Siria e Nigeria: raid punitivi e messaggi politici
In Siria, gli Stati Uniti hanno reagito a dicembre con raid contro lo Stato Islamico, dopo la morte di tre militari. In Nigeria, invece, missili cruise hanno colpito aree settentrionali abitate da militanti jihadisti in risposta agli attacchi contro comunità cristiane. Gli osservatori evidenziano la complessità del quadro: i raid mostrano fermezza, ma l’impatto sul terreno resta incerto, dato il numero e la varietà dei gruppi coinvolti. Allo stesso tempo, operazioni di questo tipo rafforzano l’immagine interna di impegno contro le persecuzioni religiose e il terrorismo.

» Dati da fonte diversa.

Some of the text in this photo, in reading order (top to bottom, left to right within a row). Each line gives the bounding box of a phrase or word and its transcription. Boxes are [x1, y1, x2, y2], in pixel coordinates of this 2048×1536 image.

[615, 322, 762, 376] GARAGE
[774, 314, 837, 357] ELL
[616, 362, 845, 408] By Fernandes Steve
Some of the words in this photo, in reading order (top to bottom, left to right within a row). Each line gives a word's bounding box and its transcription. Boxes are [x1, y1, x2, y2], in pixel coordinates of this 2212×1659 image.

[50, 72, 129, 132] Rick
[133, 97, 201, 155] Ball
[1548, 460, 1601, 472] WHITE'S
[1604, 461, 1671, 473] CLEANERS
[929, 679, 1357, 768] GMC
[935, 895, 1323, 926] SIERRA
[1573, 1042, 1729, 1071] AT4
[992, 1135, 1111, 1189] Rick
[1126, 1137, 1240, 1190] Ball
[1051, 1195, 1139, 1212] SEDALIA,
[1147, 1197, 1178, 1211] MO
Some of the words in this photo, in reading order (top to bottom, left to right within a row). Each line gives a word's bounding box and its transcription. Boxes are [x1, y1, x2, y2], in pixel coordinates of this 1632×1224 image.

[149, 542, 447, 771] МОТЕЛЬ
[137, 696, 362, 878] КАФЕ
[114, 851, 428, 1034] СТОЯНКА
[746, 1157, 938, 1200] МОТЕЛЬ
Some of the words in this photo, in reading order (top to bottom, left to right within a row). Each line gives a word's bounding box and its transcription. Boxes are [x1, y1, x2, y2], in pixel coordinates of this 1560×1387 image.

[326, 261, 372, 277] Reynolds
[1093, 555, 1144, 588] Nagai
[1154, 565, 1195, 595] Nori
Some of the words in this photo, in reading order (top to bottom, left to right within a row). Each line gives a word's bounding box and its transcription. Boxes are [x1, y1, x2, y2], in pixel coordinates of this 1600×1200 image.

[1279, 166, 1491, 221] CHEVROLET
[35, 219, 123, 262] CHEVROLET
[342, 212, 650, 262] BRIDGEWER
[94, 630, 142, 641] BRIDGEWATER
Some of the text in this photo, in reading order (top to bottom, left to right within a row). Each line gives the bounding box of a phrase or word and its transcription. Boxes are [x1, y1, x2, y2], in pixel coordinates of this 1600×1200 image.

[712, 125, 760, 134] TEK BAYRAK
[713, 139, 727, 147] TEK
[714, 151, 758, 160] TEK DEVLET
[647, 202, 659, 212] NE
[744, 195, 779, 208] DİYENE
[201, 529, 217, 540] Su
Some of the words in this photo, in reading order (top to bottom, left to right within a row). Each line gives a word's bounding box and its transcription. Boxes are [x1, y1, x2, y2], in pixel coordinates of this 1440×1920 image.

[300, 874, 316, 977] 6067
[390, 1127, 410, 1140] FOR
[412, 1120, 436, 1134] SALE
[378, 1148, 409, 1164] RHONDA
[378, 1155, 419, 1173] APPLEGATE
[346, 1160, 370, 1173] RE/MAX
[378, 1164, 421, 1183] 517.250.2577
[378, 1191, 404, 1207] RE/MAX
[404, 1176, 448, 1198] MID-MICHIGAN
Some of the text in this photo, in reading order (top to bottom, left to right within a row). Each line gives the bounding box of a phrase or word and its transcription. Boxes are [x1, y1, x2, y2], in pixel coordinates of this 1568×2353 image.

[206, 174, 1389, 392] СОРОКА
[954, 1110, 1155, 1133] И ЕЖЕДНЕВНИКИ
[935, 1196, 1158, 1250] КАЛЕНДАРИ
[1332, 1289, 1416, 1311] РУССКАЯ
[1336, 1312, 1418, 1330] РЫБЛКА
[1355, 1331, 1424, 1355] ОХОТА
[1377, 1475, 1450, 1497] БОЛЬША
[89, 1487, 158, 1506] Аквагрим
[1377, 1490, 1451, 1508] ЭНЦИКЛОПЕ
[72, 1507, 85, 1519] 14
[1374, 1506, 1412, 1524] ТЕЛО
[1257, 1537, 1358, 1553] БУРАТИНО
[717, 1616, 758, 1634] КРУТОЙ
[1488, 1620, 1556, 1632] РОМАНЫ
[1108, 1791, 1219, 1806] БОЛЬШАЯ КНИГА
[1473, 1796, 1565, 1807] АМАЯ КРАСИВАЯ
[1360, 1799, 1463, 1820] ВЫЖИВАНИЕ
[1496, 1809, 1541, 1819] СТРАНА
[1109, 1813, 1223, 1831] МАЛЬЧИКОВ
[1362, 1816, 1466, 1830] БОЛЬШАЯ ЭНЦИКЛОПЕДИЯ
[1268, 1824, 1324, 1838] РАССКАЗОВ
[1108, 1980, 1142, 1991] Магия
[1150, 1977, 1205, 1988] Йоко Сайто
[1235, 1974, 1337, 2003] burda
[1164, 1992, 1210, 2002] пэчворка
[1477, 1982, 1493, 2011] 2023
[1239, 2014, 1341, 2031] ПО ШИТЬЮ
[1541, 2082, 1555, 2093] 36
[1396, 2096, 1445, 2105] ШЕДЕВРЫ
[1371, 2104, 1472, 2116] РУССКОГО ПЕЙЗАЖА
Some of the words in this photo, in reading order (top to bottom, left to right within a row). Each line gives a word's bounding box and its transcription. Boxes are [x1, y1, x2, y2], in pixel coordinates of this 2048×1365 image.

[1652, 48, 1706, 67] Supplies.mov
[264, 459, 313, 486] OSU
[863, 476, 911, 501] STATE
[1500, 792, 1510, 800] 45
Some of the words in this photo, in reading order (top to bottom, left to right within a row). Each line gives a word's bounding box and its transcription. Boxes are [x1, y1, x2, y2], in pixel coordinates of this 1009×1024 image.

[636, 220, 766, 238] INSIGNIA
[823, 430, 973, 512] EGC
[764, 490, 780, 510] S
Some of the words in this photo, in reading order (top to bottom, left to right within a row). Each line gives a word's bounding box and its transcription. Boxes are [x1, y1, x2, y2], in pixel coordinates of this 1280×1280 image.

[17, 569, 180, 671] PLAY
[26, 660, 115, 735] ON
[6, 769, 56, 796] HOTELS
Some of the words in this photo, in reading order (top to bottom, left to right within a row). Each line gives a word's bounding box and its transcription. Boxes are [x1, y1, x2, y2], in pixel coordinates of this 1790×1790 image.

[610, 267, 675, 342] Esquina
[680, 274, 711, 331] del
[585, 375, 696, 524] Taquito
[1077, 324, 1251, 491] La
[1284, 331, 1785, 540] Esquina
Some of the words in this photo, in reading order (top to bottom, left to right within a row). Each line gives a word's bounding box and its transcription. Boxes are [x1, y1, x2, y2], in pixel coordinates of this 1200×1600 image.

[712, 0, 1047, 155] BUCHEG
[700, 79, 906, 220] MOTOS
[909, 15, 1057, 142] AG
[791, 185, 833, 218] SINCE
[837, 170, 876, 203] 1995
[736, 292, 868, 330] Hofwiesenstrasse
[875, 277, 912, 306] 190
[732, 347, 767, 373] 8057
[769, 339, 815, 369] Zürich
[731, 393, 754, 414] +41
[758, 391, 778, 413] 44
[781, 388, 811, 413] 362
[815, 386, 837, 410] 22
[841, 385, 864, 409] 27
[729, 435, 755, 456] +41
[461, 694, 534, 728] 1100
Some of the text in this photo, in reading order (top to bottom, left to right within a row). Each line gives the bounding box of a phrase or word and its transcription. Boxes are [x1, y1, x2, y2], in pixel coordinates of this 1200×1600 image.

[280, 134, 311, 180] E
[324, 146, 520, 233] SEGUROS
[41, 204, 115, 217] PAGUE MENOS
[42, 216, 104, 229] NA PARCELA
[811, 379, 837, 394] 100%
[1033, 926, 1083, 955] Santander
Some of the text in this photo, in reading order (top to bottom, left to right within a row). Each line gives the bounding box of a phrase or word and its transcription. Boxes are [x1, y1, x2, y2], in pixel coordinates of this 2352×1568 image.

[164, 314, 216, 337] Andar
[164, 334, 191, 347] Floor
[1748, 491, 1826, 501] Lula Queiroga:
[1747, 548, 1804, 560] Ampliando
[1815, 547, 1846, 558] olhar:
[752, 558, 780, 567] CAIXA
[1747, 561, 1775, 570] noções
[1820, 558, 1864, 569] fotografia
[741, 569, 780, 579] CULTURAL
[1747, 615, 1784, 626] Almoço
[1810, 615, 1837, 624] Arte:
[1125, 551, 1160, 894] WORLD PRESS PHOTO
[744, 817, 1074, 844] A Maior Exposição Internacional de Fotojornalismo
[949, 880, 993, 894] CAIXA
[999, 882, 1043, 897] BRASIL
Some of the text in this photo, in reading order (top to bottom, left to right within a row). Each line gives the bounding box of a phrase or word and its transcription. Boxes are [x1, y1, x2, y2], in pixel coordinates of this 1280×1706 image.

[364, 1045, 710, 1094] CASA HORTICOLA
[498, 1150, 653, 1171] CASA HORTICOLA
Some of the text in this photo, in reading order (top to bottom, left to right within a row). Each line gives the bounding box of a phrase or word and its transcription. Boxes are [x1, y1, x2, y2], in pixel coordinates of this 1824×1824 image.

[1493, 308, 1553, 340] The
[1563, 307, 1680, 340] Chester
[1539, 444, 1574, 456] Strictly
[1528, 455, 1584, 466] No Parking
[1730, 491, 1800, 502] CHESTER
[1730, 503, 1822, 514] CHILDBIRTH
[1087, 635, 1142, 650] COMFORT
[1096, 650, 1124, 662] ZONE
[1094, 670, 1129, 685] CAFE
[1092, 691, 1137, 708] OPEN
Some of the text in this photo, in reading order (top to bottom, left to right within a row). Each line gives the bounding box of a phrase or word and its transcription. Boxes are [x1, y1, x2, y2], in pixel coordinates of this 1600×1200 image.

Uno sguardo d’insieme: tra aggressività militare e tentativi di mediazione
Come sottolinea il Corriere della Sera, la politica estera di Trump mostra un mix di azioni aggressive e segnali diplomatici. Dal Corno d’Africa al Medio Oriente, dai Caraibi al Venezuela, la strategia statunitense combina raid mirati, pressione politica e operazioni su larga scala, cercando di influenzare equilibri complessi senza necessariamente impattare in modo definitivo sulle situazioni locali. Il risultato è un quadro globale in cui l’influenza americana rimane forte e visibile, ma con fronti aperti e instabilità persistente.
Tra rivendicazioni di successi militari e scenari regionali delicati, la Casa Bianca continua a oscillare tra l’uso della forza e il tentativo di mediazione, confermando come la politica estera americana rimanga in larga misura guidata dall’opzione militare.